- _Exercise brief_: Transcribe the entries below exactly; leave every image out.

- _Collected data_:

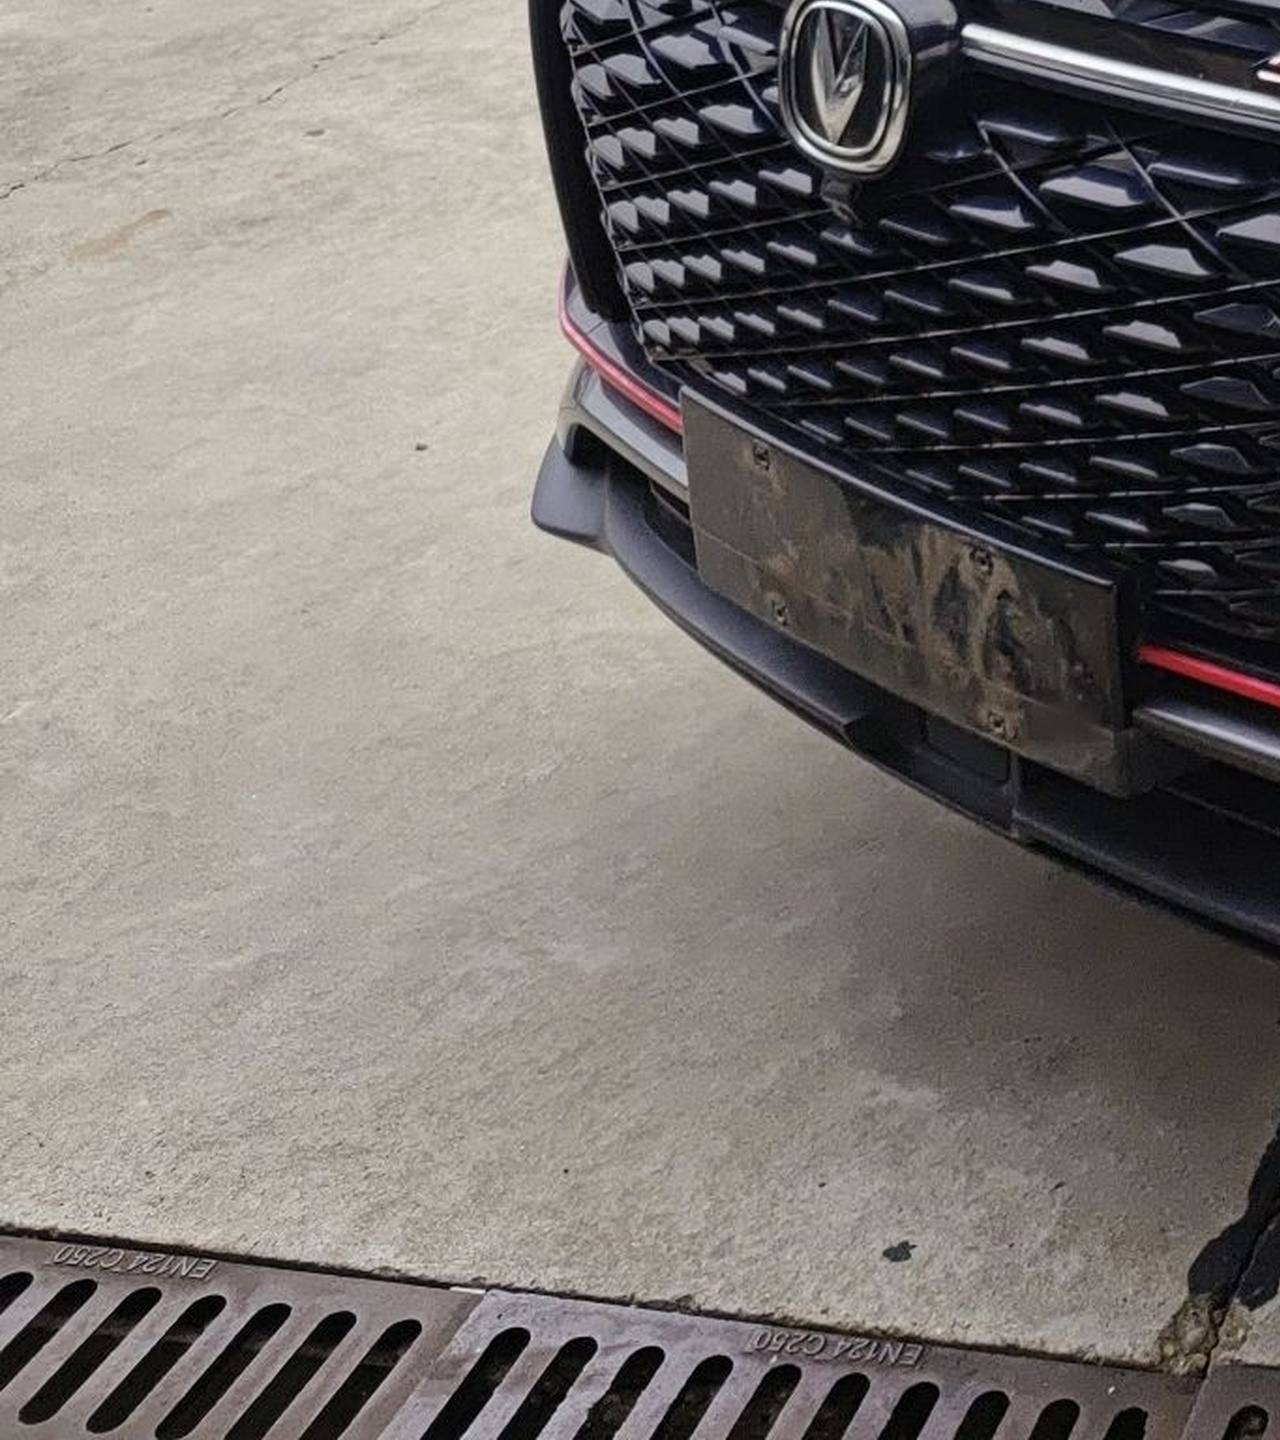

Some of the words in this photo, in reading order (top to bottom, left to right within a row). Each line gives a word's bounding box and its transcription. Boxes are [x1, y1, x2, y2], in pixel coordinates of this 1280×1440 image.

[54, 1244, 125, 1269] C250
[128, 1253, 217, 1279] EN124
[755, 1329, 826, 1356] C250
[834, 1337, 923, 1366] EN124
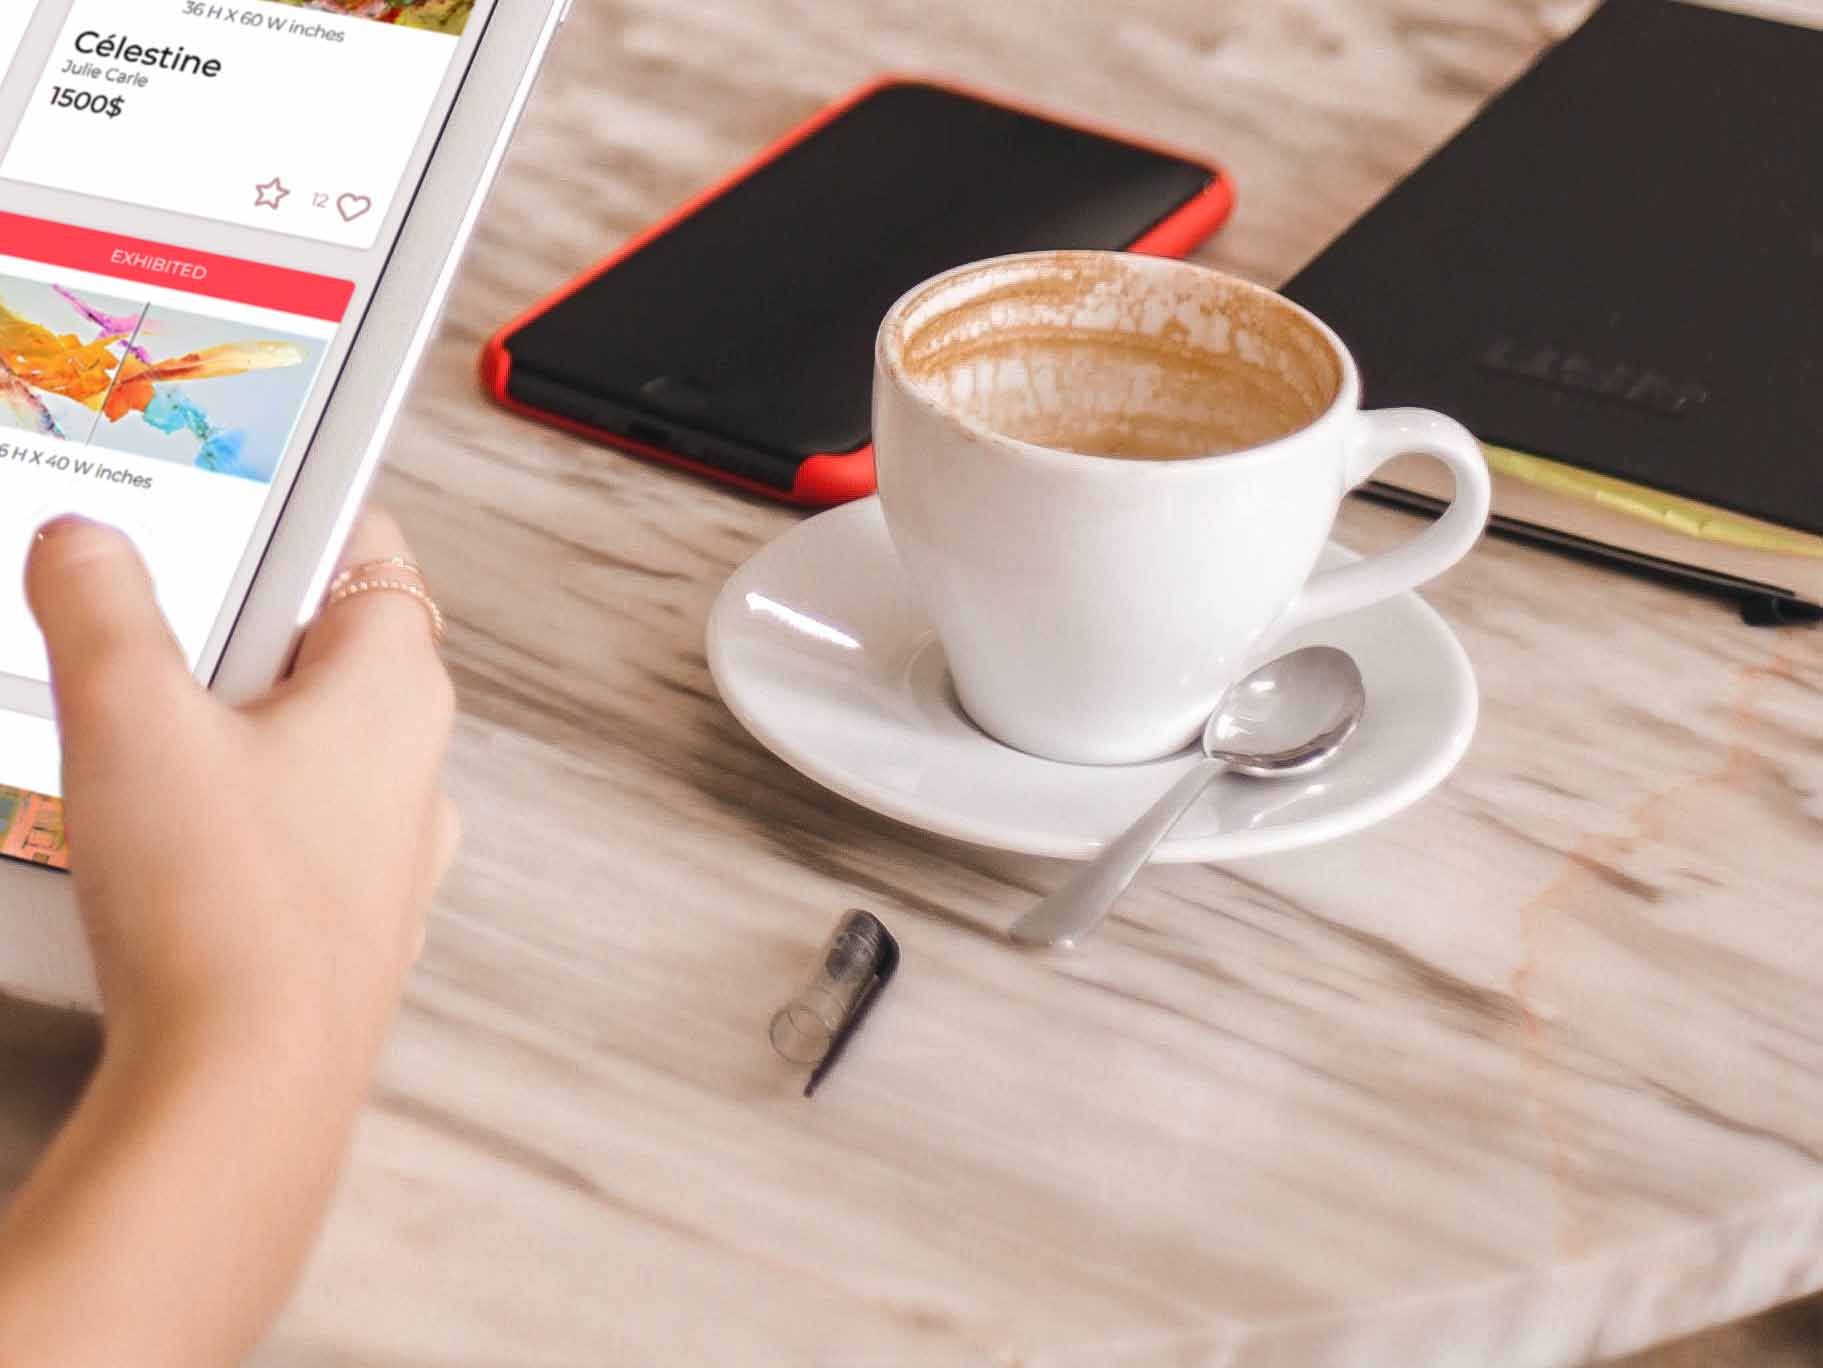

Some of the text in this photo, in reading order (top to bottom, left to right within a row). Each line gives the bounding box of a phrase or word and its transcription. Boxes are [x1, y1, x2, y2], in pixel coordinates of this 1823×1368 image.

[182, 0, 346, 42] 36 H X 60 W inches
[74, 30, 222, 78] Célestine
[61, 60, 148, 87] Julie Carle
[50, 86, 125, 118] 1500$
[311, 192, 329, 208] 12
[110, 248, 207, 281] EXHIBITED
[11, 446, 28, 462] H
[27, 450, 44, 465] X
[45, 454, 70, 471] 40
[73, 459, 96, 475] W
[95, 462, 153, 489] inches
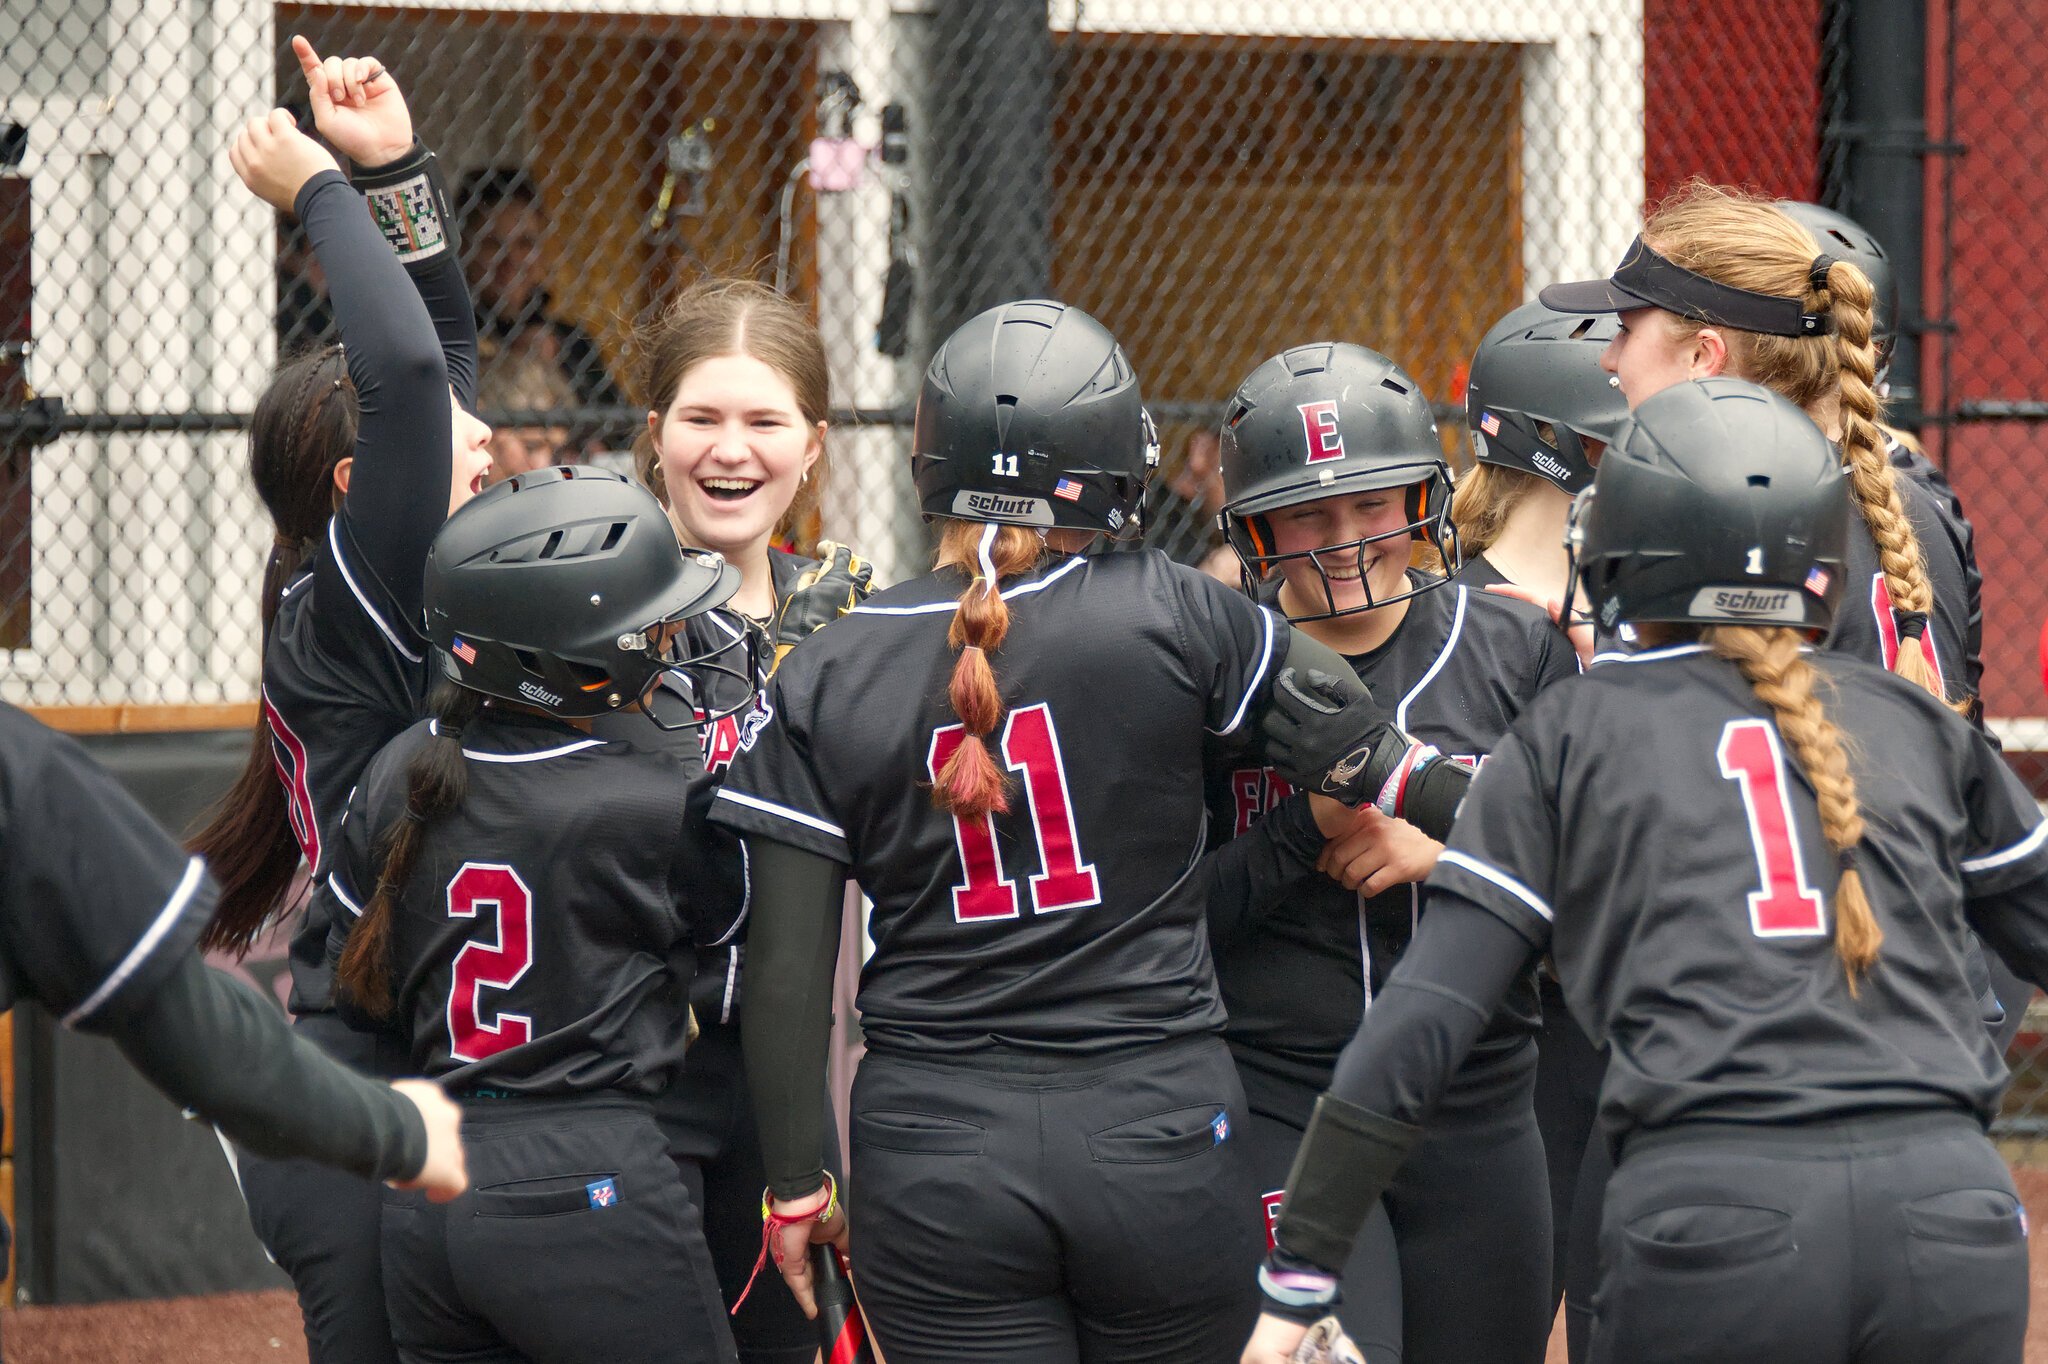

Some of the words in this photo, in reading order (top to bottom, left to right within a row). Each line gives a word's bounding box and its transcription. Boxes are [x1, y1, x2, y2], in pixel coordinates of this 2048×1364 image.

- _Result below_:
Some of the words in this photo, in reading order (top to bottom, left to right within a row). Each line gives a word's bounding box and its transcription. Boxes are [x1, y1, x2, y2], in pixel coordinates of this 1280×1440 image.

[54, 1244, 125, 1269] C250
[128, 1253, 217, 1279] EN124
[755, 1329, 826, 1356] C250
[834, 1337, 923, 1366] EN124

Some of the text in this photo, in reading order (top to bottom, left to right within a row). Each line gives the bounding box of a phrase or word and its transcription. Boxes are [x1, y1, x2, y2], in pixel coordinates of this 1823×1368 image.

[182, 0, 346, 42] 36 H X 60 W inches
[74, 30, 222, 78] Célestine
[61, 60, 148, 87] Julie Carle
[50, 86, 125, 118] 1500$
[311, 192, 329, 208] 12
[110, 248, 207, 281] EXHIBITED
[11, 446, 28, 462] H
[27, 450, 44, 465] X
[45, 454, 70, 471] 40
[73, 459, 96, 475] W
[95, 462, 153, 489] inches

Some of the words in this photo, in reading order (top to bottom, left to right within a row). Each line gives a word's bounding box and its transcription. Boxes are [x1, y1, x2, y2], in pixel coordinates of this 2048×1364 image.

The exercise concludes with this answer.